Harbour further agrees that, in the event he voluntarily terminates his employment with ProFrac within 12 months of receipt of any portion of the Incentive Payment, he must repay any and all portions of the Incentive Payment paid to him within the prior 12 months, net of any U.S. federal and state income taxes and social security contributions paid with respect thereto. By way of example, should Harbour voluntarily terminate his employment with ProFrac on January 1, 2027, he must repay the entire Incentive Payment, net of any U.S. federal and state income taxes and social security contributions paid with respect thereto. If Harbour voluntarily terminates his employment with ProFrac on September 1, 2027, he must repay ProFrac the third and fourth payments made to him pursuant to the above schedule, net of any U.S. federal and state income taxes and social security contributions paid with respect thereto.
3. Deductions. The Company may withhold and deduct from any amounts payable under this Agreement (a) all federal, state, local, and other taxes as may be required pursuant to any law or governmental regulation or ruling and (b) any other deduction consented to in writing by Executive.
4. Termination of Employment by Company. In the event ProFrac terminates Executive’s employment for Cause during the calendar year 2026, Executive’s right to receipt of the unvested portions of the Incentive Payment shall be forfeited immediately upon termination. Further, in the event it is judicially determined that ProFrac terminated Executive’s employment for Cause, Executive shall repay ProFrac any portion of the Incentive Payment that has already been paid to him, net of any U.S. federal and state income taxes and social security contributions paid with respect thereto. Such repayment is due within thirty (30) days of the final adjudication that ProFrac terminated Executive’s employment for Cause.
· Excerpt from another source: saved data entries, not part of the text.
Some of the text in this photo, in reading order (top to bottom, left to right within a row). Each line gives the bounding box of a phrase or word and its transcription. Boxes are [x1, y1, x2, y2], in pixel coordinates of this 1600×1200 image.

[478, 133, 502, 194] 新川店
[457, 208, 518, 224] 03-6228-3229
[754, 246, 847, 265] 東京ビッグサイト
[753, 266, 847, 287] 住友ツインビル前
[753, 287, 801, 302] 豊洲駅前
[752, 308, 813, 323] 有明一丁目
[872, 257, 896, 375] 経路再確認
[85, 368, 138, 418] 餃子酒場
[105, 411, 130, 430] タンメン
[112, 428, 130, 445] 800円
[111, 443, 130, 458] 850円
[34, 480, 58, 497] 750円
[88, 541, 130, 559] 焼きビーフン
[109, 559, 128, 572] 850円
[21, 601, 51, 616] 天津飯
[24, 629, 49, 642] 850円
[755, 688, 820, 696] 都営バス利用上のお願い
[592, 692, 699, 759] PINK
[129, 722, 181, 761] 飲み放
Should ProFrac terminate Executive’s employment during the calendar year 2026 without Cause, Executive’s right to receipt of any unvested portion of the Incentive Payment shall be forfeited upon Executive’s final day of employment with the Company. In the event of such termination without Cause, Executive shall have no obligation to repay to ProFrac any portion of the Incentive Payment already paid to him.
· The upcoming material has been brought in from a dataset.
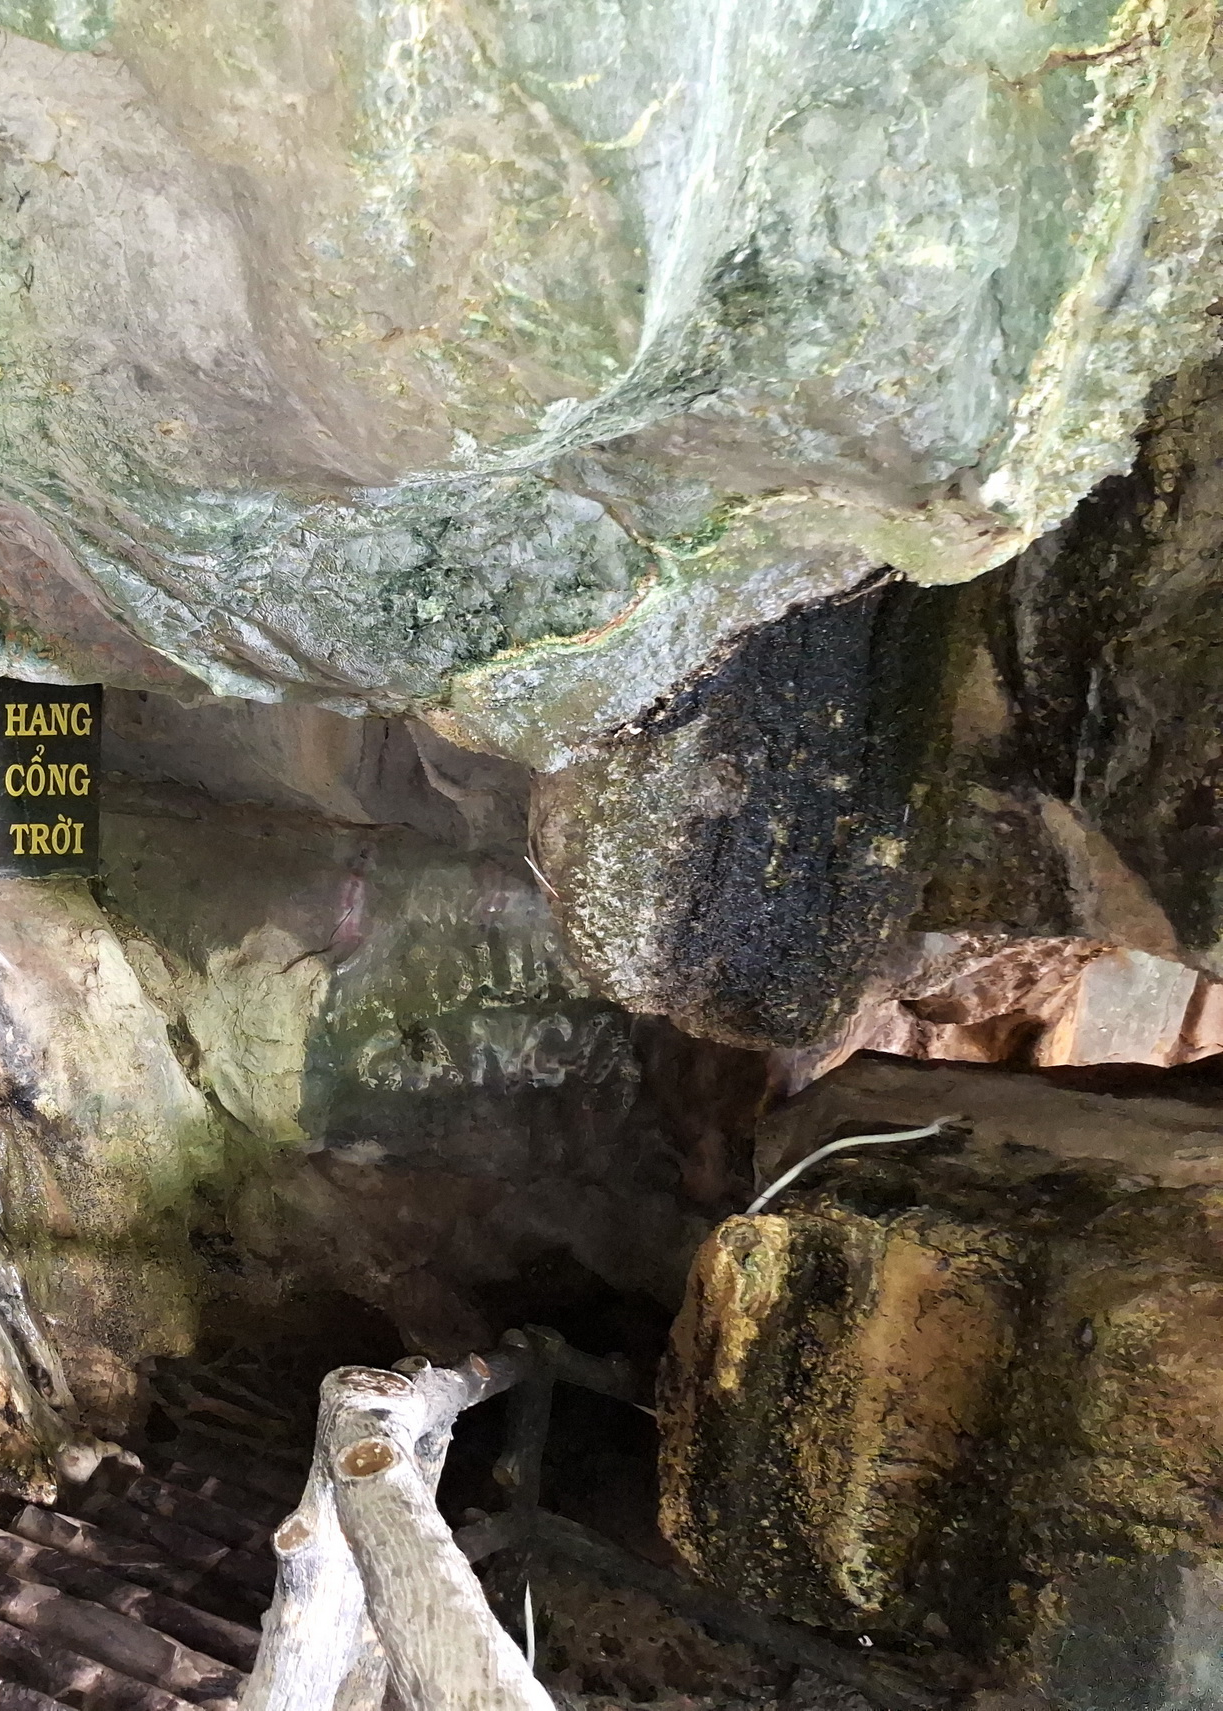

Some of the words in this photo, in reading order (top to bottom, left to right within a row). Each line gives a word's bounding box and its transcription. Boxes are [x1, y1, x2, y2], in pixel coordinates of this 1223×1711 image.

[5, 702, 92, 737] HANG
[5, 744, 91, 797] CỔNG
[9, 813, 84, 855] TRỜI
As used herein, the term “Cause” shall have the meaning given to it in Harbour’s Executive Employment Agreement, dated June 17, 2024.
5. Death or Disability. The Executive’s right to any unvested Incentive Payment shall automatically terminate upon the Executive’s death or upon notice from the Company due to Executive’s Disability. As used herein, the term “Disability” shall have the meaning given to it in Harbour’s Executive Employment Agreement, dated June 17, 2024.
6. Taxation. Employee specifically acknowledges and agrees that the Company has made no representations to Employee regarding the tax consequences of any amounts received by Employee or for Employee’s benefit pursuant to this Agreement. Likewise, Company agrees and acknowledges that it shall not have the right to cause Employee to take any position, file any amended returns, or apply for any refund for the benefit of Company, on his U.S. federal and state income tax returns.
7. Choice of Law, Jurisdiction and Venue. This Agreement and all matters or issues related hereto shall be governed by the laws of the State of Texas. Whenever possible, each provision of this Agreement shall be interpreted in such a manner as to be effective and valid under applicable law, but if any provision of this Agreement shall be prohibited by or invalid under such law, such provision shall be ineffective only to the extent of such prohibition or invalidity, without invalidating the remainder of such provision or the remaining provisions of this Agreement. Venue for any dispute arising hereunder shall lie in the state and federal courts located in Tarrant County, Texas.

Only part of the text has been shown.